The government is also fostering a conservative and moralistic atmosphere that feeds into the agenda of extremist groups.
All of the political parties in Yudhoyono's coalition support neoliberal polices. Yudhoyono, who when first elected five years ago set out an agenda to eradicate corruption, reform the economy and combat terrorism, has done little other than draft policy blueprints and fend off criticism over embarrassing scandals. The political parties and lawmakers have been embroiled in a string of corruption scandals. The general public, who see them as enriching themselves at the country's expense, hold them in contempt.

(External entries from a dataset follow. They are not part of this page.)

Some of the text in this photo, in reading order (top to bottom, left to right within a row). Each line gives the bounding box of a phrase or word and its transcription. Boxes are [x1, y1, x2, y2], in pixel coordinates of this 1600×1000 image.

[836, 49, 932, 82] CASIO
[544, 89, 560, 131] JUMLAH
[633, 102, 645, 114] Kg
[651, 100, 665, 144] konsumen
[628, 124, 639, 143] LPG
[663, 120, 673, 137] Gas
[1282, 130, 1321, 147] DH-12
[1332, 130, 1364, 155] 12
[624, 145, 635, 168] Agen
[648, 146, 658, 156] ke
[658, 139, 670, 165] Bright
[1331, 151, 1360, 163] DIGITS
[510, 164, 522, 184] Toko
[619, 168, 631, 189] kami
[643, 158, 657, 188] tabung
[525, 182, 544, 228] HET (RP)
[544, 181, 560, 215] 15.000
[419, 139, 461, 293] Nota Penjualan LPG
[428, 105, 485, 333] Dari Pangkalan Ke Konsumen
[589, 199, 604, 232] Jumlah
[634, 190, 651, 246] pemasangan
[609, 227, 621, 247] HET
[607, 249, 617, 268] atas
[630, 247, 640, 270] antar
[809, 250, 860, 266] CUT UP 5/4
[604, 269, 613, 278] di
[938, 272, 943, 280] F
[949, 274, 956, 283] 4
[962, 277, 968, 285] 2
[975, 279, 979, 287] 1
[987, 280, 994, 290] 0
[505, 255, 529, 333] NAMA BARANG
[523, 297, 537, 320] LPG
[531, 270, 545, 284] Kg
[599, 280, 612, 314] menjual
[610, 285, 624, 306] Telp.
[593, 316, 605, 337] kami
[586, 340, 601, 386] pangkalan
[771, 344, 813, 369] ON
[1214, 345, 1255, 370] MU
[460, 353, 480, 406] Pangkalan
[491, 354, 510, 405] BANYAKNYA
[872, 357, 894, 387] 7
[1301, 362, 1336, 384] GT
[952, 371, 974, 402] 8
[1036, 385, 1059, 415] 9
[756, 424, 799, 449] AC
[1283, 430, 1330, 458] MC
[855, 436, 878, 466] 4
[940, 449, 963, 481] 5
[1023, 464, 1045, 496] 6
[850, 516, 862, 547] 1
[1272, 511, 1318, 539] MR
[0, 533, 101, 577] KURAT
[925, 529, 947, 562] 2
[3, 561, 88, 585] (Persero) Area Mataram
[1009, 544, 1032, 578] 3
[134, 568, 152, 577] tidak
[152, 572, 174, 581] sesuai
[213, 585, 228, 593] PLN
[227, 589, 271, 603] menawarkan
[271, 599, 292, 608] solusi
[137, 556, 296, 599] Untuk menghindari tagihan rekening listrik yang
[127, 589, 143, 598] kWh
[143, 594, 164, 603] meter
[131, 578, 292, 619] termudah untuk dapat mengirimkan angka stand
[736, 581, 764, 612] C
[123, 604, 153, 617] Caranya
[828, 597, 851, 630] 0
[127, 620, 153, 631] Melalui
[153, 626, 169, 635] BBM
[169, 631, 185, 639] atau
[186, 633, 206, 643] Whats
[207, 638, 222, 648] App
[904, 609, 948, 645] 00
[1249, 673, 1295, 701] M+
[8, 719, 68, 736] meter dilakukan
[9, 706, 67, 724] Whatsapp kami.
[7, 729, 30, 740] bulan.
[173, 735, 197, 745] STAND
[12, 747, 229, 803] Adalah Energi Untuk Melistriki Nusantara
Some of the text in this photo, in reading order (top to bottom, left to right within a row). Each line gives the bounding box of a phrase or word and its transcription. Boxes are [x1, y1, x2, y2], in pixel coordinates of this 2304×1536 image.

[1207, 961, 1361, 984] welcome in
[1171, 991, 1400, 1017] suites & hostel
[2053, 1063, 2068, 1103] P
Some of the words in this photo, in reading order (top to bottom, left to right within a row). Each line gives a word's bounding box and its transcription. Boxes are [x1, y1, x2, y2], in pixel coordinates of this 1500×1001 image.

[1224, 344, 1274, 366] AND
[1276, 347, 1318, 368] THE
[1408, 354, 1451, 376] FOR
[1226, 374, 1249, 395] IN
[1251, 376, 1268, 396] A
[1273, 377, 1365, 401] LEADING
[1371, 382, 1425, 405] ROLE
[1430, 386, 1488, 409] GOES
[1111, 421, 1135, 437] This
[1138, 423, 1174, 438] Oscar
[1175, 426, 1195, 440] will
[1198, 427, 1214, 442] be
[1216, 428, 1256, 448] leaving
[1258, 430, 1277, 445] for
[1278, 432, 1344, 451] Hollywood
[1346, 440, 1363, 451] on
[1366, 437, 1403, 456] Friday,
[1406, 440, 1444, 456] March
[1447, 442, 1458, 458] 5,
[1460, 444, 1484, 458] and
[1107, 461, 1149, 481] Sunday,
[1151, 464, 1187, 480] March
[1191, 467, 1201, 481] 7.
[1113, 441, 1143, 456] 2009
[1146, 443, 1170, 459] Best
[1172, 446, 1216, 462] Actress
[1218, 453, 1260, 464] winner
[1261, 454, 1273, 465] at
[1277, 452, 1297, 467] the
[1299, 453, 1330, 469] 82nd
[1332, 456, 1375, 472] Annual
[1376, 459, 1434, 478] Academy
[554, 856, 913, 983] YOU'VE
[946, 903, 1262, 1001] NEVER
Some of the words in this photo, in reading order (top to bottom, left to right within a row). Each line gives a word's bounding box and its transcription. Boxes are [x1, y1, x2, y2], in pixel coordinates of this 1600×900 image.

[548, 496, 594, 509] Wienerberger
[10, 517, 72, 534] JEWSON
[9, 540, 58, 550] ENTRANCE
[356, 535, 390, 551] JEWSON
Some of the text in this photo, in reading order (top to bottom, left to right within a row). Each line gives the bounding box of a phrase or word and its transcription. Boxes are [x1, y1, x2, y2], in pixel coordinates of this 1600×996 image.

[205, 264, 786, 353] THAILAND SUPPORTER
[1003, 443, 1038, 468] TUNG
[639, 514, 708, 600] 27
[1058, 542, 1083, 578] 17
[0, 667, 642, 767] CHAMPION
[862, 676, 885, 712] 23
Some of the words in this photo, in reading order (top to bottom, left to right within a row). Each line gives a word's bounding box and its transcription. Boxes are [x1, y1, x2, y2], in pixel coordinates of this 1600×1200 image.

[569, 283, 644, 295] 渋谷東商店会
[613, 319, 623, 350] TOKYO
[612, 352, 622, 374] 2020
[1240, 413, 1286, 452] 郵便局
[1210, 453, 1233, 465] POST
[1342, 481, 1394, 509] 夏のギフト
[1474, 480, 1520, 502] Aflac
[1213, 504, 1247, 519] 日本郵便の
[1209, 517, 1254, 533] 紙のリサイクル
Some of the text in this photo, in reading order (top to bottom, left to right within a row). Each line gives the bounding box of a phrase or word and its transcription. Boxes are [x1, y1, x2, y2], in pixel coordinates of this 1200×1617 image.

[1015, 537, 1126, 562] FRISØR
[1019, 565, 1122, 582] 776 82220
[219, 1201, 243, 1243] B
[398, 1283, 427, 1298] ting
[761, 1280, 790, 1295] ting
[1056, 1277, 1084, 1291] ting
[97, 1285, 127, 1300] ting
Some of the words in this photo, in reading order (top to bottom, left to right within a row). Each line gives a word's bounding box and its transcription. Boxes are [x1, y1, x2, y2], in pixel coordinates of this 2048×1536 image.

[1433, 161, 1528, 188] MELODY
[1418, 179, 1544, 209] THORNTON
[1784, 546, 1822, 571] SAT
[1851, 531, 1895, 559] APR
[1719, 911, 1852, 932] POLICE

Opinion polls consistently show 60-70% of respondents having no confidence in the government to resolve key economic and political issues. Unwilling or unable to address the real issues, which would threaten the interests of the political elite, the government has increasingly turned towards morals campaigns, which prominent Indonesian feminist and author Julia Suryakusuma describes as "moral panic" and a "policy of distraction".
Voter abstention of around 40% is already evident in recent regional elections. Many candidates are trying to counter this by seeking electoral support from hard-line Islamic groups. Parties across the spectrum have pledged to pass sharia-based by-laws, place restrictions on places of worship or ban "deviant" religious sects.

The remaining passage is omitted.